It’s the ultimate democratization of deciding what initiatives to pursue—which levers to pull. A culture of experimentation begins with the assumption that no one knows with absolute certainty what will work—every idea is testable.

It’s empowering and it’s also a huge relief. 

“I’m afraid to test … what if it doesn’t work?”

But what if it does? 

Something to consider: in a world that constantly and rapidly changing, is it a bigger risk to do the same thing you’ve always done and expect the same results, or is it better to test something new that may not work—but may also provide you with insights that will lead to  a breakthrough in your organization’s fundraising growth?

Or suppose you have a new idea and make a dramatic wholesale change to a fundraising email or a donation page template. Did it work? How do you know?

Did you split-test your idea so that half your donors received the control while half saw the treatment (your new idea)? 

Testing eliminates guesswork. It ensures that you only invest time and resources into the ideas that work. Testing is extremely risk averse.

The Power of Emotion

You can’t make a purely logical argument and expect it to be effective when you’re asking people to give, because people first make a decision based on a visceral response that they have.

We make all of our decisions based on emotion first, and then (and only then) we use logic and reason to go and rationalize our decision. 

So when you’re writing an appeal or creating a landing page or some sort of fundraising campaign on social media, you can’t just lead with all the data, the facts, the figures. 

You need to wrap it inside a cohesive story. 

That story needs to connect with the person, because people give to people, not to websites, not to emails, not to landing pages, not to direct mail campaigns.

People give to people first and foremost.
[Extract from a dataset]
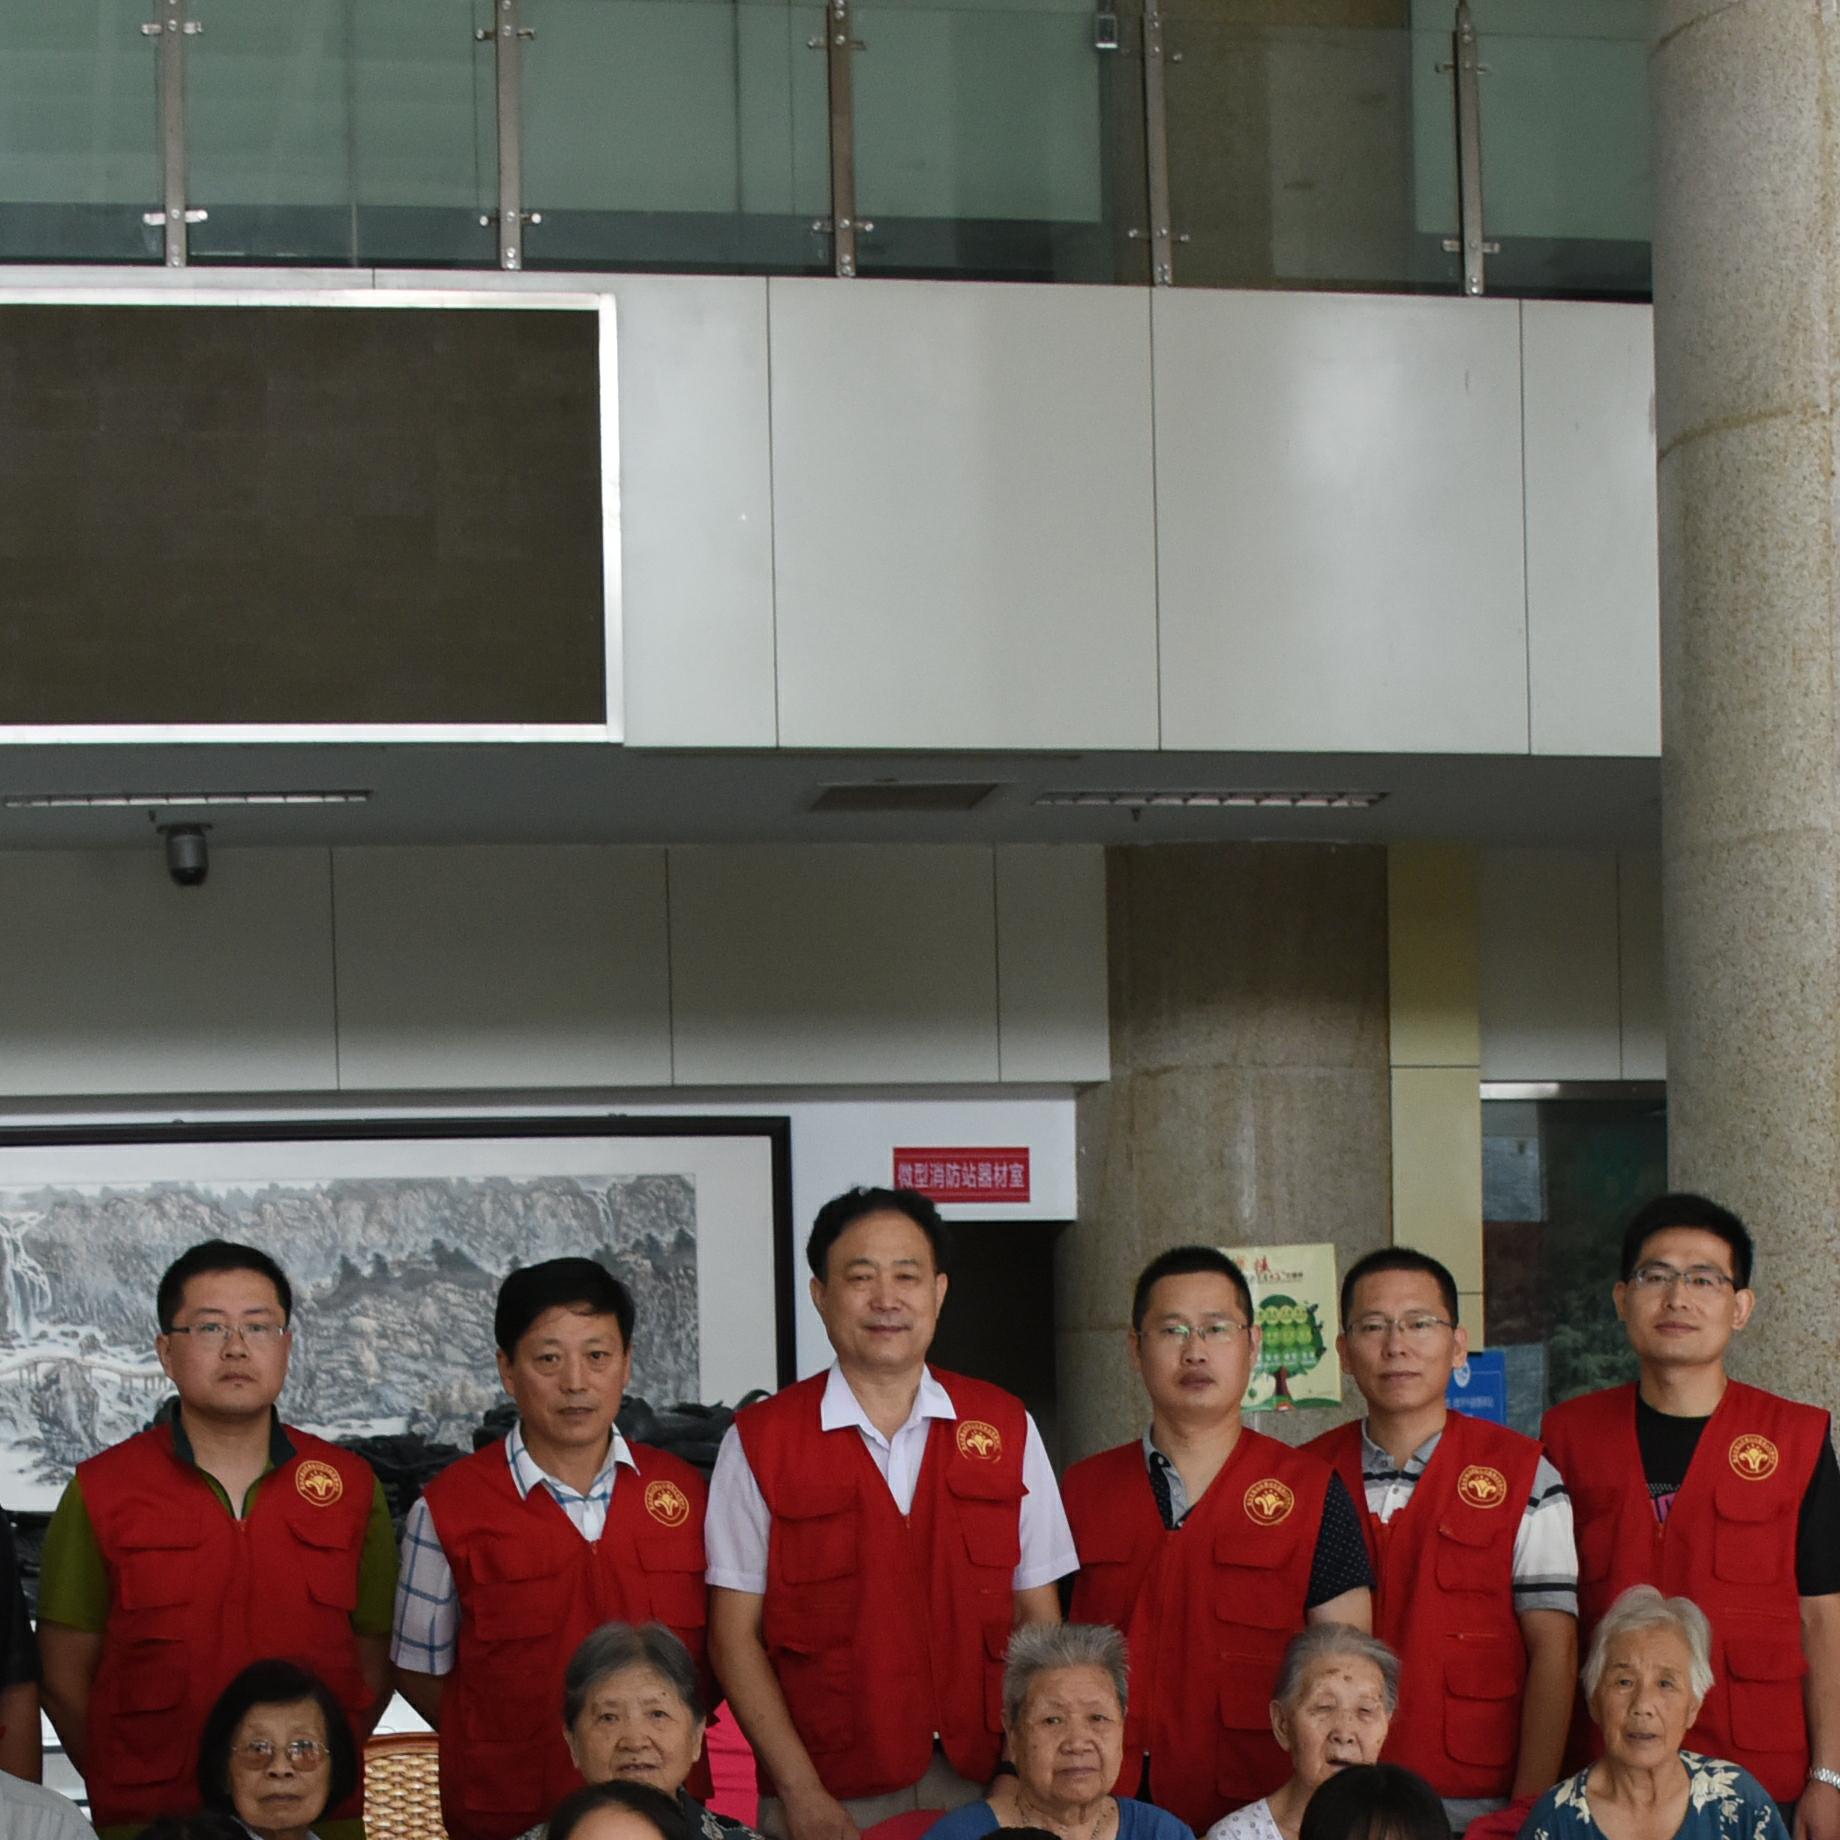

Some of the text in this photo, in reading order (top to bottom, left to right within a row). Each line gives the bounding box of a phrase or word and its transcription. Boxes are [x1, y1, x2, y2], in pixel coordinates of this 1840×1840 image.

So you have to humanize your message first,, and then you can rationalize the reasons why somebody should give with your value proposition. 

Once you put emotion at the center of your appeal, you can find a balance between qualitative and quantitative storytelling.

Qualitative storytelling appeals to emotion, which is very effective, but pair it with a quantitative story—like impact statistics—and you’re painting a more realistic and impactful picture for your potential donor.

Going all in on qualitative storytelling may leave some donors craving for more validity on the quantitative side. 

But if you’re just leading with numbers, people may feel—even subconsciously—disconnected from  your message.

Humanity trumps everything in philanthropy

You’ve read it again and again — people give to people.

Sometimes we get so caught up in our marketing strategy or vernacular that we lose our humanity.

The words you use are really important because the people you’re trying to reach are the true heroes!

They’re giving when they could be spending that money on themselves — that’s an incredible act of selflessness. 

And the more careful you are about how you think about your donors, the more effective you will be at connecting one human to another human, which leads to greater results.  We must remember that our donors  are not just a little number inside of an Excel spreadsheet — they’re living, breathing complex human beings.

A status quo in the nonprofit sector that needs to change

People that work in the nonprofit space need to get paid more.

A lot of people believe that, but there’s this idea that nonprofits think that they’re not a business and that’s categorically not true. 

Nonprofits are probably some of the most important businesses that exist because they’re trying to solve some of the biggest problems in the world.

But where things go wrong is that they’re capped. They can’t earn over a certain amount or can’t spend a certain amount on advertising because the perception is that too much of a nonprofits revenue is going to “overhead” versus directly to impact. 

This is a fallacy because it means we are measuring efficiency not impact. But efficiency is not the right thing to measure. It’s how much better you are at solving these problems that we’re trying to solve.

Let me give you an example:

Let’s pretend that we have two nonprofit organizations that are solving the exact same social problem.  The first organization has a $1 million annual budget and a 99% efficiency rating.  That means that for every dollar donated, $0.99 is going directly to creating impact. The second organization has a $100 million annual budget and in order to scale the organization to be that large, it had to invest more heavily in advertising, marketing and fundraising and has a 50% efficiency rating.

My question is, which one is doing more to solve the problem? The first organization is creating $990,000 worth of impact, while the second is creating $50,000,000 worth of impact.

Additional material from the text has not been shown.